_Saved data entries_.
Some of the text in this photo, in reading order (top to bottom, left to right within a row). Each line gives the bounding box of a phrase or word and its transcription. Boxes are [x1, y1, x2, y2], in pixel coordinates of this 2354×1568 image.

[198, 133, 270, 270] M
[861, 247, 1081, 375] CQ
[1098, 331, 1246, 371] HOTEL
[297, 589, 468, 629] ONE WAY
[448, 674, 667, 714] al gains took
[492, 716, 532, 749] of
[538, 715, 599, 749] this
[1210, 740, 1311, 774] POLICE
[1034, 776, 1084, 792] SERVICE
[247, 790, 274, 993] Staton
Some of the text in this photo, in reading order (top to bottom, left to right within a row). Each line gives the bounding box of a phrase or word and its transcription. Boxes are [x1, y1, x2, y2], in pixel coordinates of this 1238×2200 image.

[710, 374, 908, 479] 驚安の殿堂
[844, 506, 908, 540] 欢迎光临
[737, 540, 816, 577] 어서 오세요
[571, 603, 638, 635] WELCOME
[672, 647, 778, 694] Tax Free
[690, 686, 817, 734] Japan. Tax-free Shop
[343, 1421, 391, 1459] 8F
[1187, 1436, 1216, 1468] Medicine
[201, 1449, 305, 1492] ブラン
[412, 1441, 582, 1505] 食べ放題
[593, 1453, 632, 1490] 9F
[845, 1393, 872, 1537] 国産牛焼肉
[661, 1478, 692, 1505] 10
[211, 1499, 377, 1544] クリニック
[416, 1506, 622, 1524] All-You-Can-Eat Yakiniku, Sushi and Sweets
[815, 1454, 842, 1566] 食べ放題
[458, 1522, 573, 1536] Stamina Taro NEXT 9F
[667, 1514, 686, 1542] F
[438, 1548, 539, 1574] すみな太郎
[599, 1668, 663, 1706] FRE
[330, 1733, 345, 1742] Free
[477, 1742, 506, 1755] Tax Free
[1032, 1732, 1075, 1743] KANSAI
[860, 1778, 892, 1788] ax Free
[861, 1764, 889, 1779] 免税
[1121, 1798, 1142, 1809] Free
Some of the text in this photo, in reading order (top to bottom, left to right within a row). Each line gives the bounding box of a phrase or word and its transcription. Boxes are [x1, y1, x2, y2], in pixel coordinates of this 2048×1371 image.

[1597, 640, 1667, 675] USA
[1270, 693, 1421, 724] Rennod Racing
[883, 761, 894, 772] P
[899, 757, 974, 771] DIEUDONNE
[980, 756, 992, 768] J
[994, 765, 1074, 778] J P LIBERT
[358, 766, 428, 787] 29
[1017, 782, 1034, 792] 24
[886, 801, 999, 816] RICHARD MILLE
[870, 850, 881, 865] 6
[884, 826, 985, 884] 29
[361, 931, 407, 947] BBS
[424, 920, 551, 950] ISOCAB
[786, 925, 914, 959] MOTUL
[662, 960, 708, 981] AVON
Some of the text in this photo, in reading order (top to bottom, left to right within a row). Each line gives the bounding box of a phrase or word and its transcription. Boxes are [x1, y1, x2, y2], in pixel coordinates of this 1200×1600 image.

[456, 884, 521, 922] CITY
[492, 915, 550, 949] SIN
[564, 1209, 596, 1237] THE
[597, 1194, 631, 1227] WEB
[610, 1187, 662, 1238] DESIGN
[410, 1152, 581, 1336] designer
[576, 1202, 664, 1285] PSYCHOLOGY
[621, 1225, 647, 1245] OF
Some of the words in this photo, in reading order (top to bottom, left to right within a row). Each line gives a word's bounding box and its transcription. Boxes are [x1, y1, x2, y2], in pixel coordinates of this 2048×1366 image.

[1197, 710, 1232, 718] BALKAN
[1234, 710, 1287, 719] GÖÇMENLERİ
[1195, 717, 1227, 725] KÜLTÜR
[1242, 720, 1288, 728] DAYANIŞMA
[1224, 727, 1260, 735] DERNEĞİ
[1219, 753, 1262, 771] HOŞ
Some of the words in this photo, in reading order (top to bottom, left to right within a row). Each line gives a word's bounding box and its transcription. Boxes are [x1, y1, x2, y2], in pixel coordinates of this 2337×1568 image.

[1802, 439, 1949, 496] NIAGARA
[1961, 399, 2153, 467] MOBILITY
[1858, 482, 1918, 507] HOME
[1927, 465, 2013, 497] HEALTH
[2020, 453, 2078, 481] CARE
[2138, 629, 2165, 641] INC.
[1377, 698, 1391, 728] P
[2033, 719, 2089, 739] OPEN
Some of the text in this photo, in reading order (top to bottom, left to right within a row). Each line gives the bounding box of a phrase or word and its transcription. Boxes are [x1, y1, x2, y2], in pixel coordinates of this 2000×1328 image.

_Goal of the exercise_.
Write out only those lines that fall between the one containing "this 1200×1600 image." and the end of the entries, the first and last included, exactly as they read.

_Response_.
Some of the text in this photo, in reading order (top to bottom, left to right within a row). Each line gives the bounding box of a phrase or word and its transcription. Boxes are [x1, y1, x2, y2], in pixel coordinates of this 1200×1600 image.

[456, 884, 521, 922] CITY
[492, 915, 550, 949] SIN
[564, 1209, 596, 1237] THE
[597, 1194, 631, 1227] WEB
[610, 1187, 662, 1238] DESIGN
[410, 1152, 581, 1336] designer
[576, 1202, 664, 1285] PSYCHOLOGY
[621, 1225, 647, 1245] OF
Some of the words in this photo, in reading order (top to bottom, left to right within a row). Each line gives a word's bounding box and its transcription. Boxes are [x1, y1, x2, y2], in pixel coordinates of this 2048×1366 image.

[1197, 710, 1232, 718] BALKAN
[1234, 710, 1287, 719] GÖÇMENLERİ
[1195, 717, 1227, 725] KÜLTÜR
[1242, 720, 1288, 728] DAYANIŞMA
[1224, 727, 1260, 735] DERNEĞİ
[1219, 753, 1262, 771] HOŞ
Some of the words in this photo, in reading order (top to bottom, left to right within a row). Each line gives a word's bounding box and its transcription. Boxes are [x1, y1, x2, y2], in pixel coordinates of this 2337×1568 image.

[1802, 439, 1949, 496] NIAGARA
[1961, 399, 2153, 467] MOBILITY
[1858, 482, 1918, 507] HOME
[1927, 465, 2013, 497] HEALTH
[2020, 453, 2078, 481] CARE
[2138, 629, 2165, 641] INC.
[1377, 698, 1391, 728] P
[2033, 719, 2089, 739] OPEN
Some of the text in this photo, in reading order (top to bottom, left to right within a row). Each line gives the bounding box of a phrase or word and its transcription. Boxes are [x1, y1, x2, y2], in pixel coordinates of this 2000×1328 image.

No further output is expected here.